This section details studies which identified predators and parasitoids occurring naturally in orchards. Active biological control, either by habitat manipulation or mass release, is covered further down.

Pålsson et al. (2016) studied the natural enemies attacking Dysaphis plantaginea under different management regimes in a situation. Early stage rosy apple aphid colonies were established on potted trees in five organic and four conventional apple orchards in southern Sweden. Ant attendance was inhibited by means of sugar feeders, and natural enemies were excluded from some trees using a net sleeve (termed exclusion controls). There was a drastic reduction in numbers in exposed colonies compared to the exclusion controls in both conventional and organic apple orchards. Despite this reduction, differences in colony survival were still observed between conventional and organic apple orchards, with surviving colonies larger in conventional orchards than organic. The most recorded natural enemies within the established colonies were Anthocoris bugs, followed by predatory midges, earwigs, spiders and lacewing larvae.

Few syrphid eggs and larvae were observed. There were strong differences in Anthocoridae and Miridae populations between management schemes, whilst no differences were observed for other important aphidophagous natural enemies. Anthocorid population size in the different orchards was correlated with the rate of Dysaphis plantaginea colony decline and, in organic orchards, there were more visits by predatory Heteroptera. Their results suggested that predatory Heteroptera, in particular those of the family Anthocoridae, play an important role in the suppression of the rosy apple aphid at initial infestation phases in Nordic conditions. The use of pesticides appears to reduce their numbers and thus the biological control service they provide under an artificially reduced ant attendance.

Dib et al. (2010) looked at the role of natural enemies in the population dynamics of the rosy apple aphid in organic apple orchards in south-eastern France. Their aim was to determine how the abundance and composition of arthropod communities associated with aphid colonies affected rosy apple aphid population dynamics. The larger rosy apple aphid populations per shoot observed in two of the five orchards were thought to be related to a lower number of natural enemies and high numbers of ants. Among the main natural enemy groups, syrphids arrived first, followed by coccinellids and earwigs. Parasitism rates, mainly due to braconid Ephedrus species were low. The syrphids appeared to be the most efficient predators. We have often found syrphid larvae predating Dysaphis plantaginea in Britain (see pictures below).

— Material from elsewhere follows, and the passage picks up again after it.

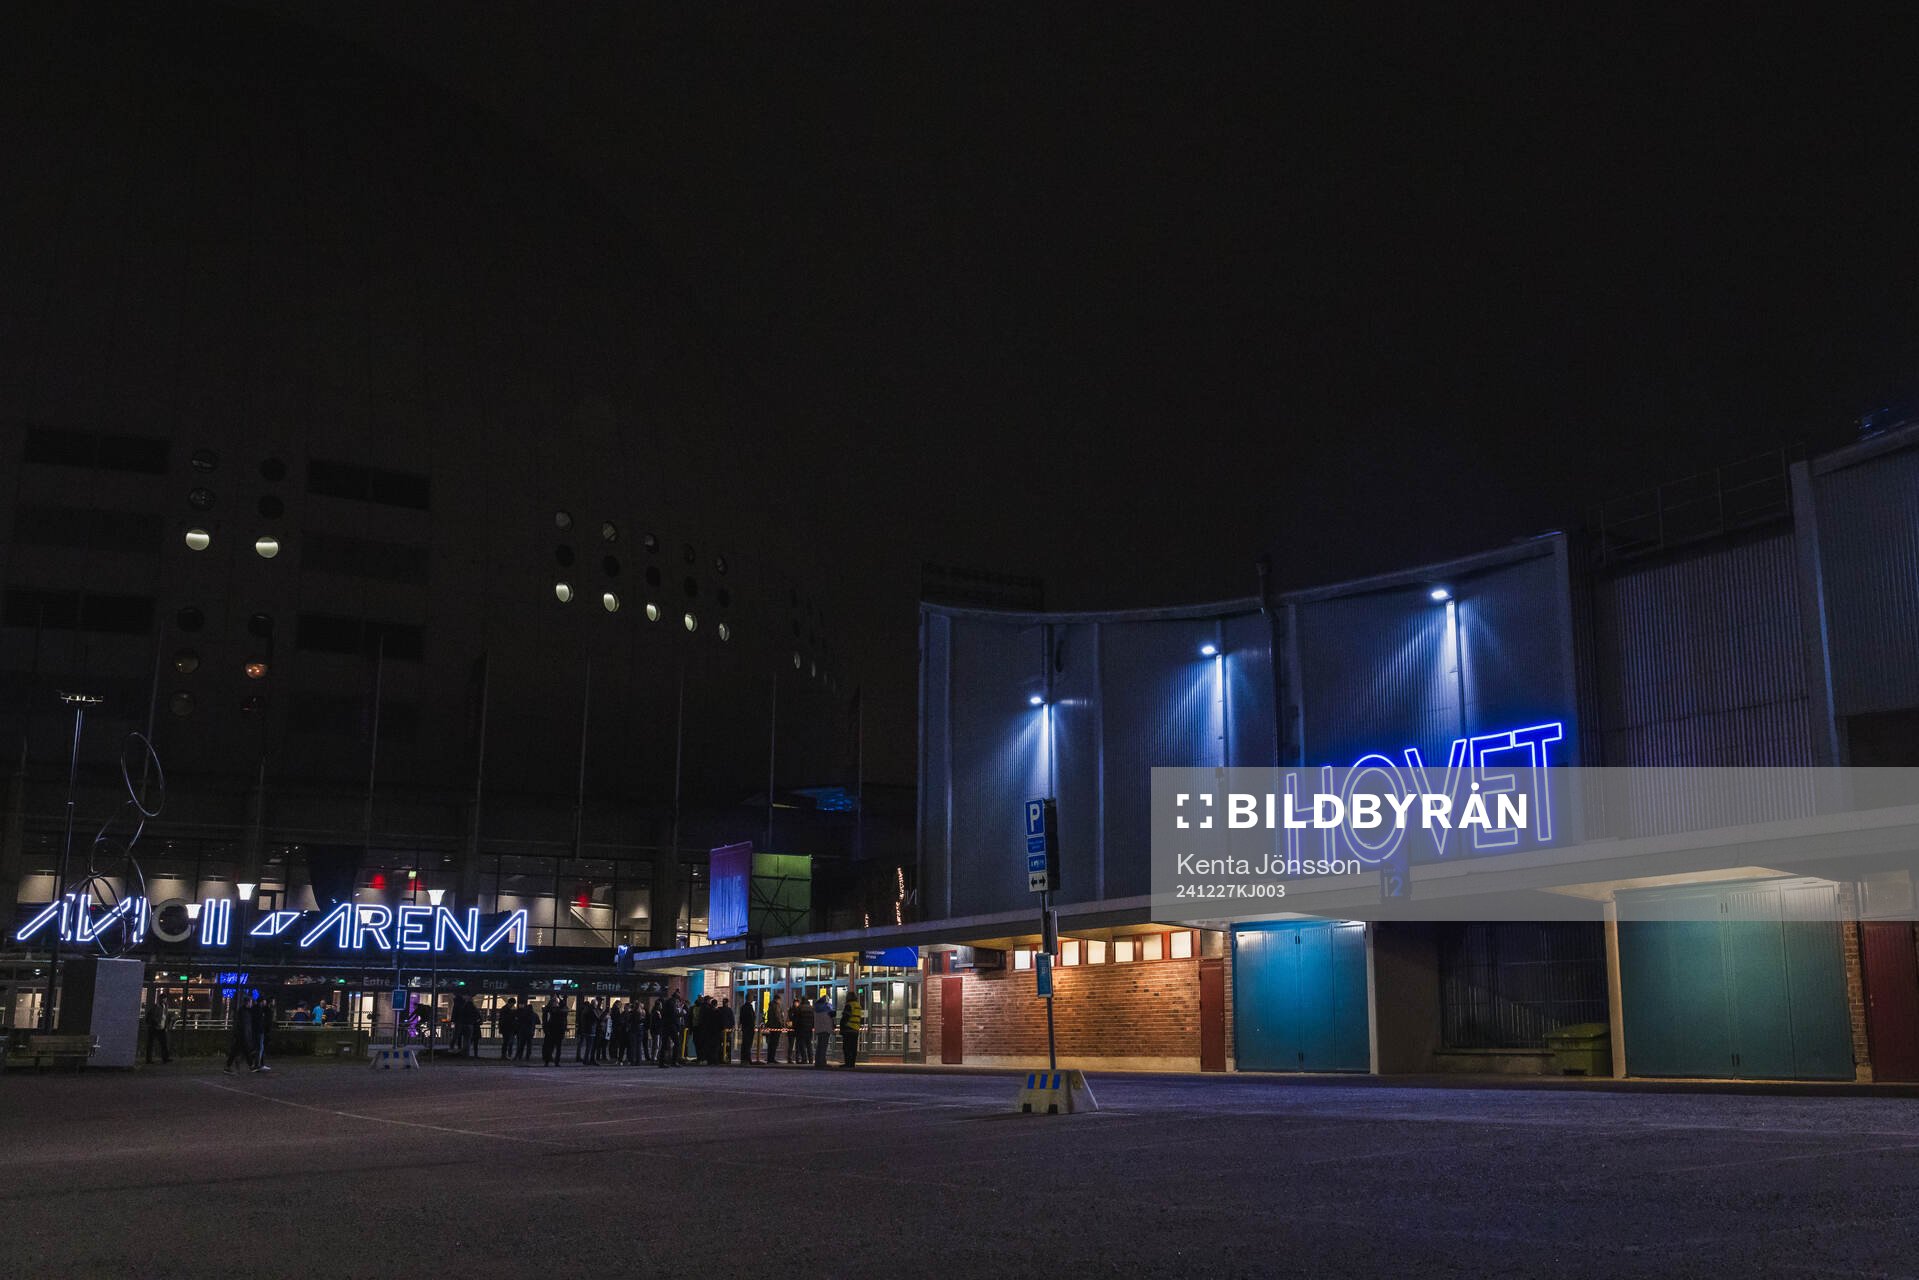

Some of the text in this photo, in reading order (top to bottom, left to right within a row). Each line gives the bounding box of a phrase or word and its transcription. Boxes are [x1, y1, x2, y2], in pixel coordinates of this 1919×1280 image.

[1029, 803, 1041, 833] P
[1286, 721, 1563, 874] HOVET
[300, 902, 528, 953] ARENA

Dib et al. (2011) compared two predators of the rosy apple aphid: the generalist earwig Forficula auricularia and the specialist syrphid Episyrphus balteatus. Overall, the older life-stages of both predator species were more voracious than younger individuals. The two predator species did not negatively interact. Instead, when the aphid density was not limiting they had an additive effect. Although the predators consumed significantly higher numbers of aphids when the younger life-stages were offered, they fed more efficiently on the older life-stages of aphids with higher biomass consumed. Overall, the two predators consumed a constant proportion of rosy apple aphid over four aphid densities until reaching satiation. This finding suggests that, in theory, they would be effective in regulating rosy apple aphid numbers in early spring when field aphid populations are beginning to build up.

Miñarro et al. (2005) looked at the colonization of apple orchards by predators of Dysaphis plantaginea. Larvae of the syrphid Episyrphus balteatus , the coccinellid Adalia bipunctata and the midge Aphidoletes aphidimyza were the three most abundant natural enemies of Dysaphis in Spanish apple orchards. They attack this aphid in sequence: the syrphid arrived first, followed by the coccinellid and then by the midge. The midge larvae arrived too late to have a regulating effect. The aphid predators did not respond numerically to the abundance of the pest. The author felt that the study indicated that natural populations of syrphids and ladybird beetles are unable to control Dysaphis plantaginea, and therefore a more complex strategy than waiting for natural enemies is required.

Boreau de Roincé et al. (2013) investigated whether early-season predation by canopy spiders may be effectively controlling aphid numbers in three organic orchards. They found that spiders ate colony fundatrices and that aphid numbers were negatively related to spider abundance. Spiders were the main active predators within the orchards when the first colony fundatrices were present, indicating their importance in the early control of aphid populations.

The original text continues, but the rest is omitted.